▸ **Recorded data**:
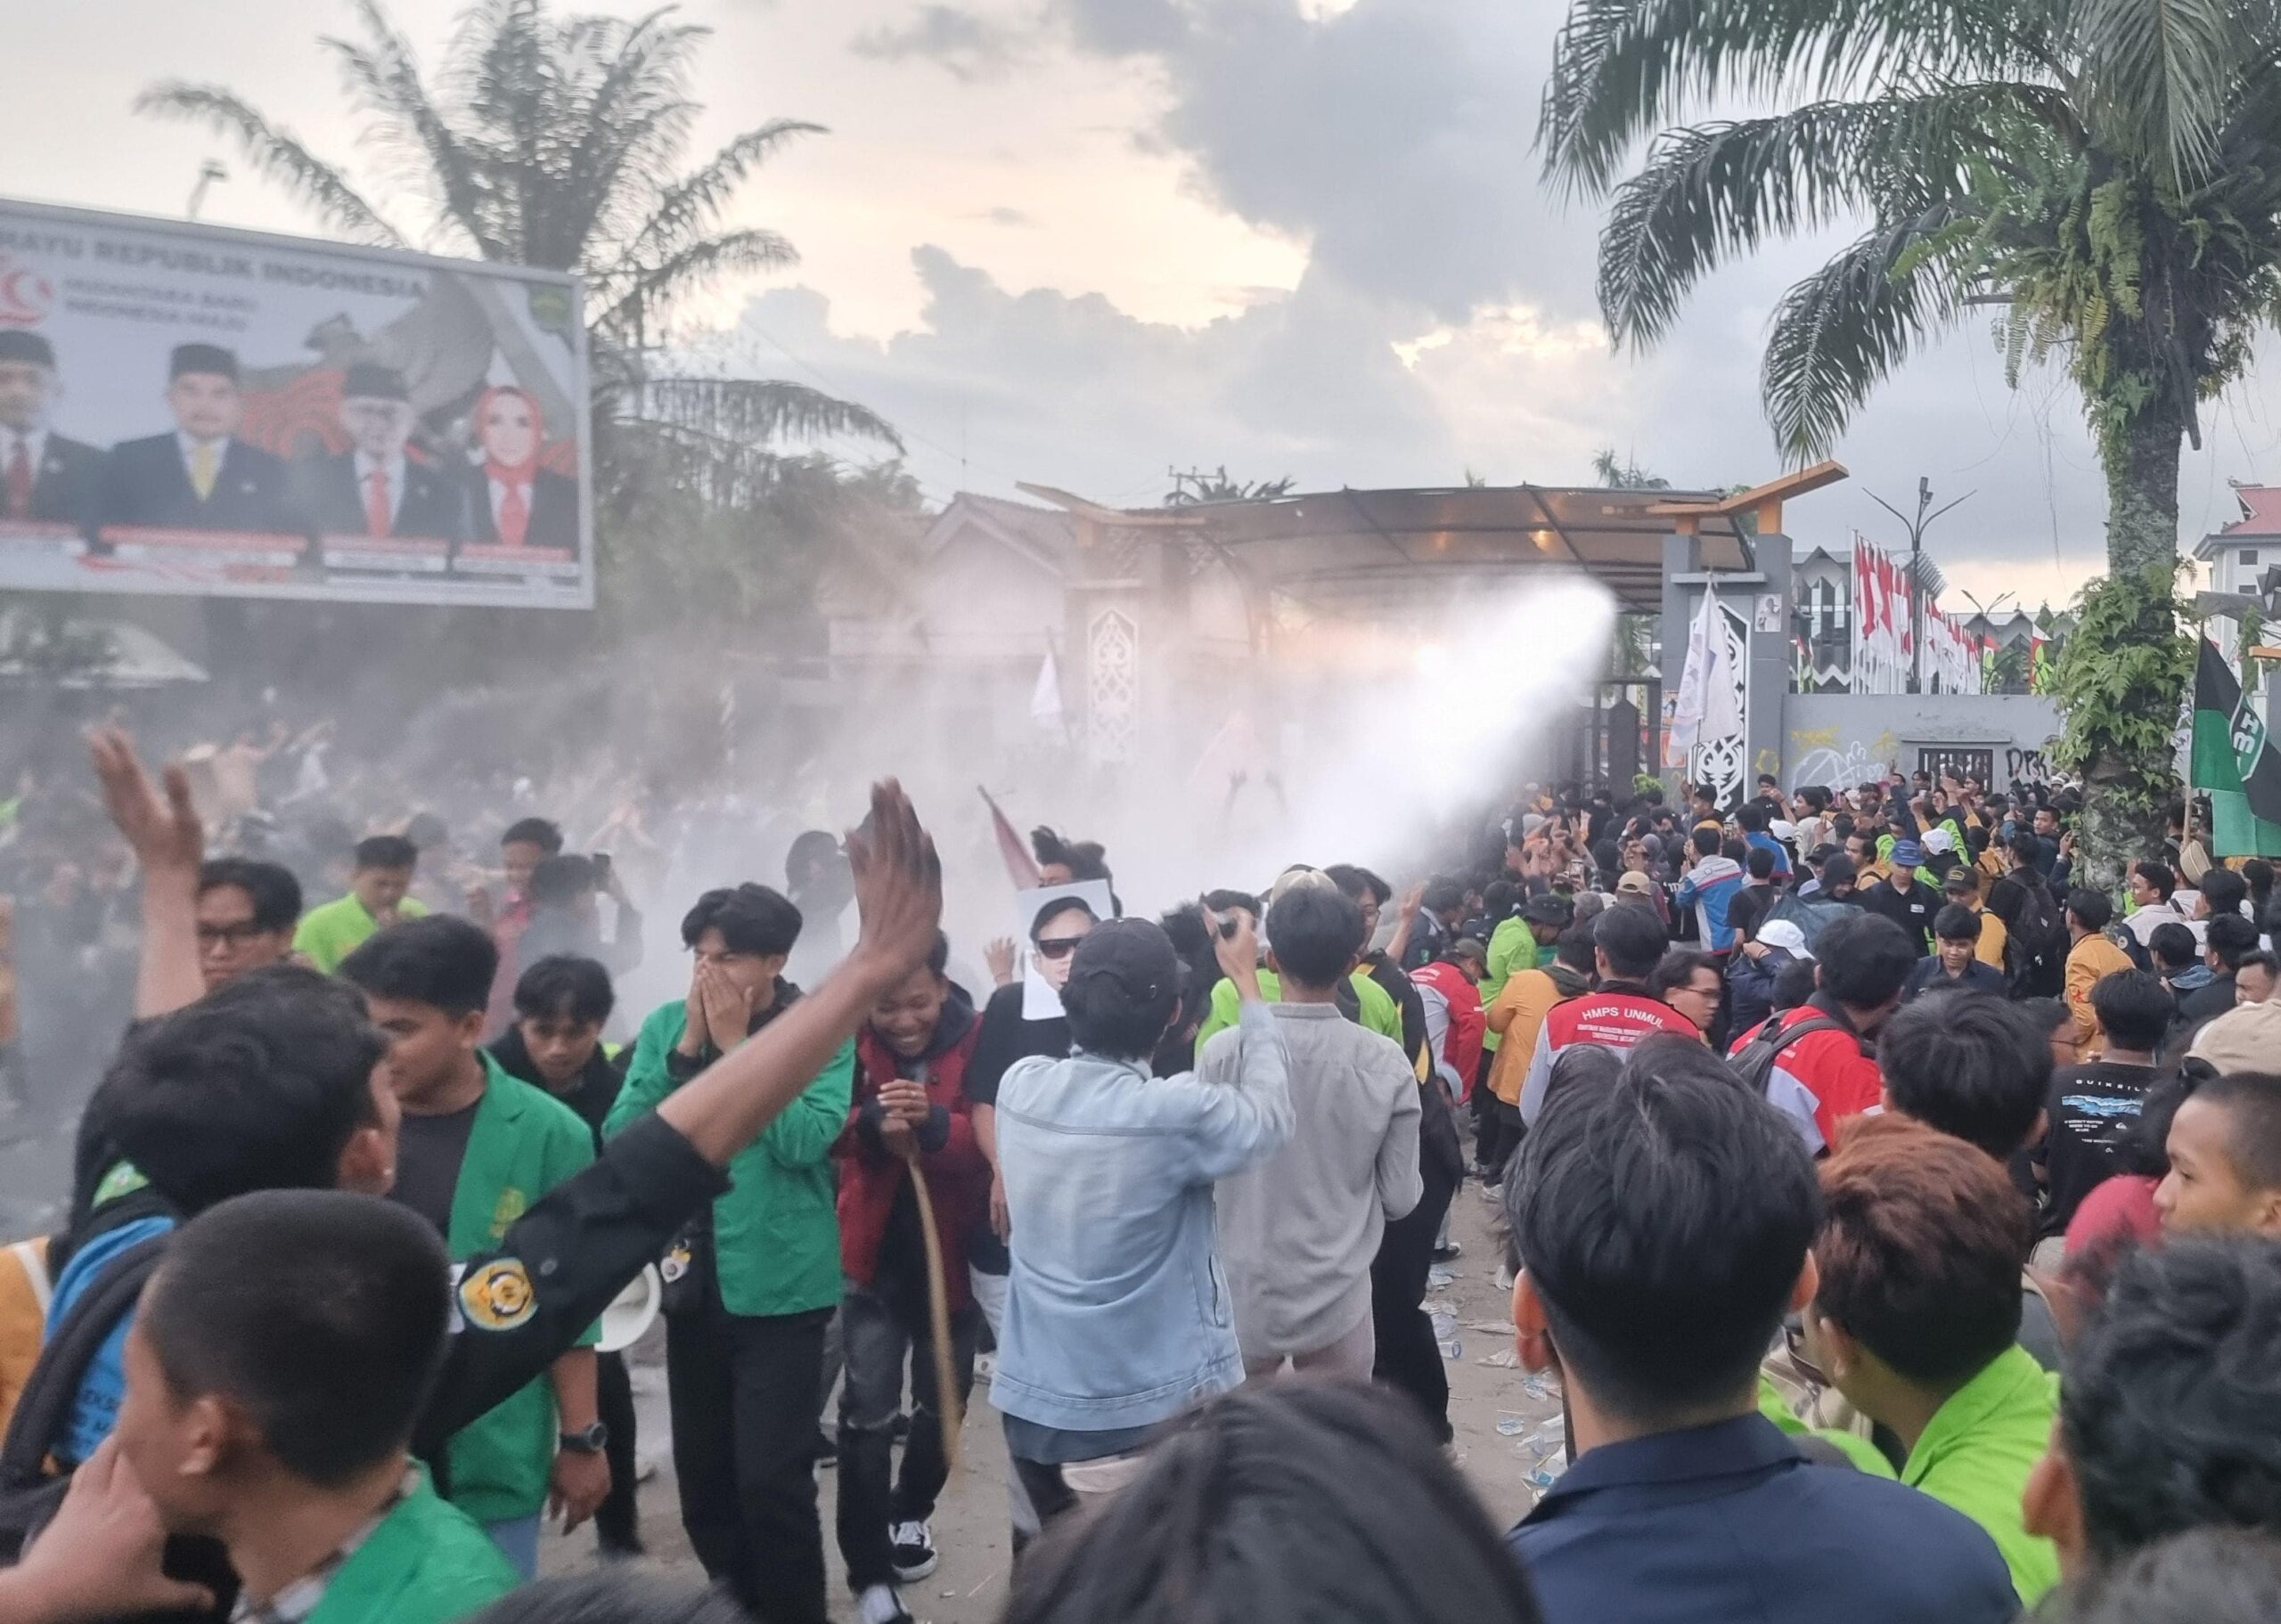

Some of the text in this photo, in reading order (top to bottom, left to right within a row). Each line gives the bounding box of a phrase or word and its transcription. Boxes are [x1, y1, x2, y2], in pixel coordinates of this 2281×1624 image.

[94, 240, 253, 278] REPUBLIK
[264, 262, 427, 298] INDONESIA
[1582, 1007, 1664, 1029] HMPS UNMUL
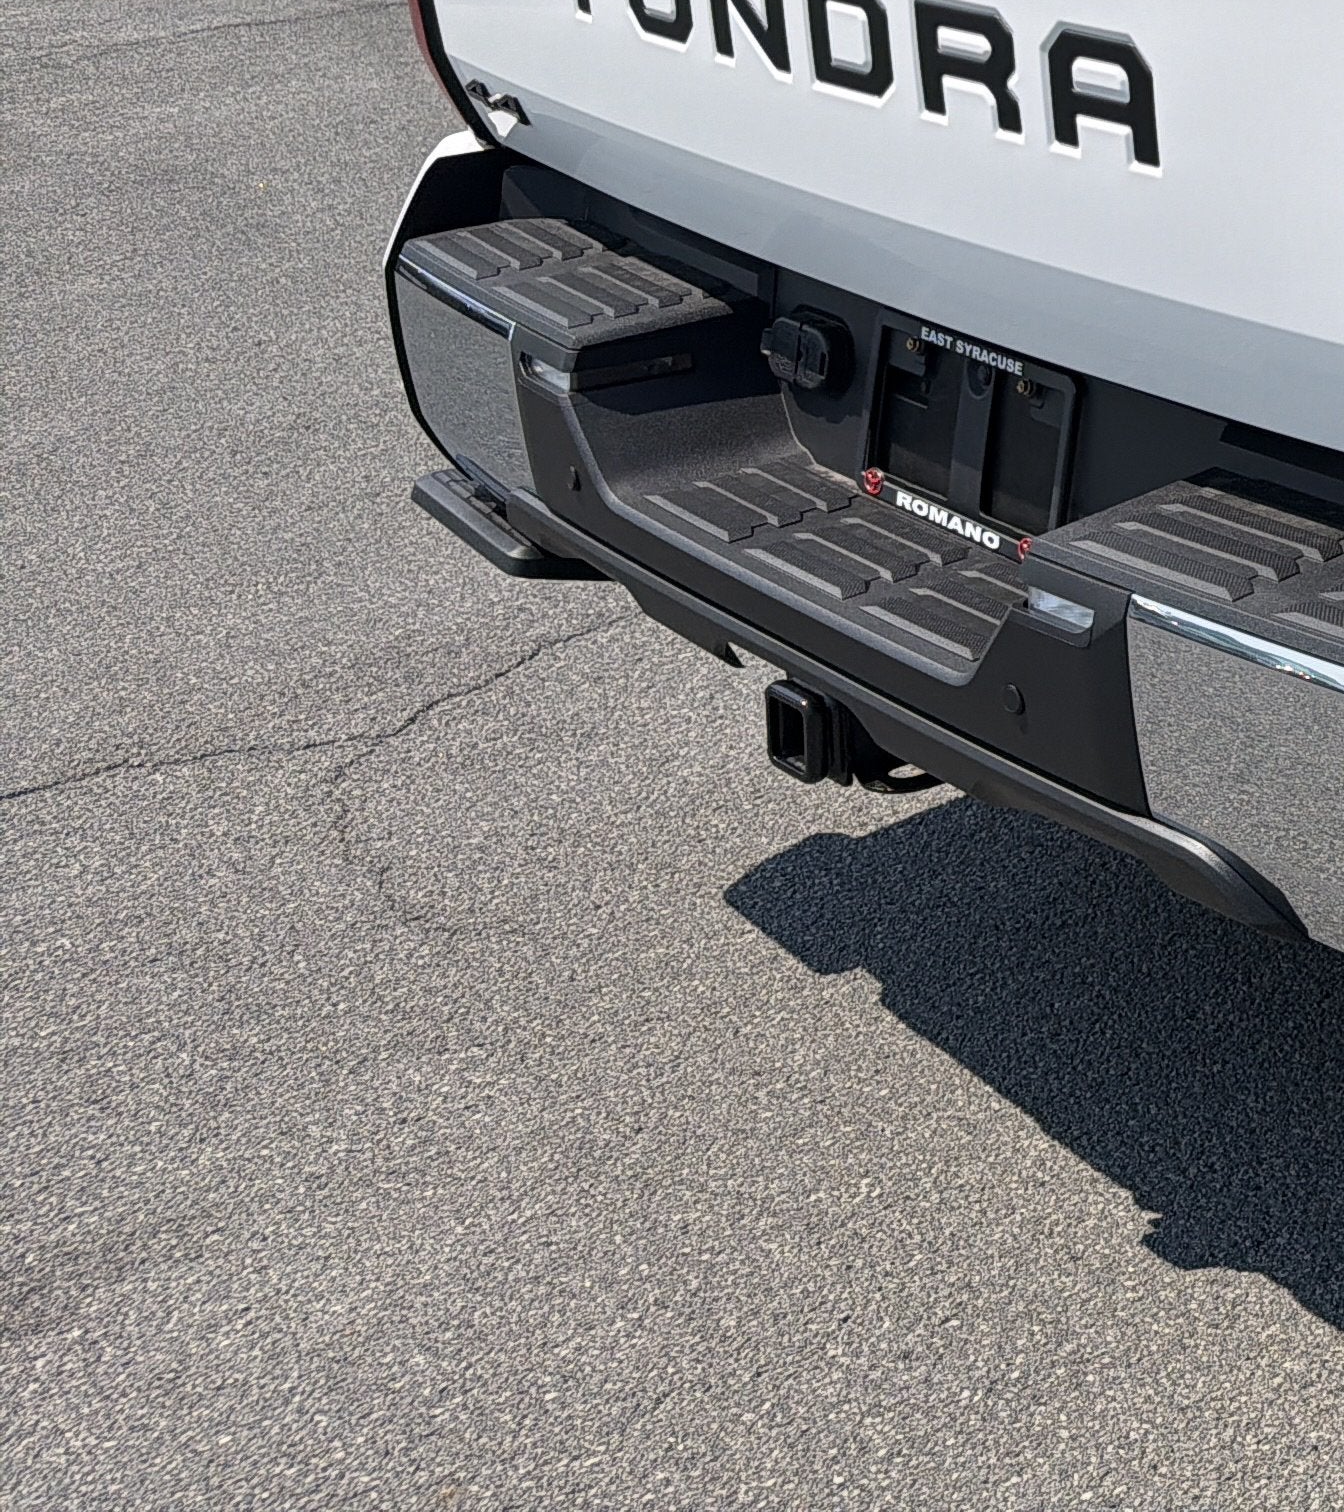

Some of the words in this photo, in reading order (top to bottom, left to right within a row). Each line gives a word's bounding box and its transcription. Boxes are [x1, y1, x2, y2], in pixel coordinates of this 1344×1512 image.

▸ **Exercise objective**:
Where an entry includes an image, leave that image out; otherwise, reproduce everything exactly.

▸ **Response below**:
Some of the text in this photo, in reading order (top to bottom, left to right within a row). Each line gives the bounding box of a phrase or word and its transcription. Boxes are [x1, y1, x2, y2], in pixel coordinates of this 2281×1624 image.

[94, 240, 253, 278] REPUBLIK
[264, 262, 427, 298] INDONESIA
[1582, 1007, 1664, 1029] HMPS UNMUL

Some of the words in this photo, in reading order (top to bottom, left to right within a row). Each line gives a word's bounding box and its transcription. Boxes are [x1, y1, x2, y2], in pixel coordinates of this 1344×1512 image.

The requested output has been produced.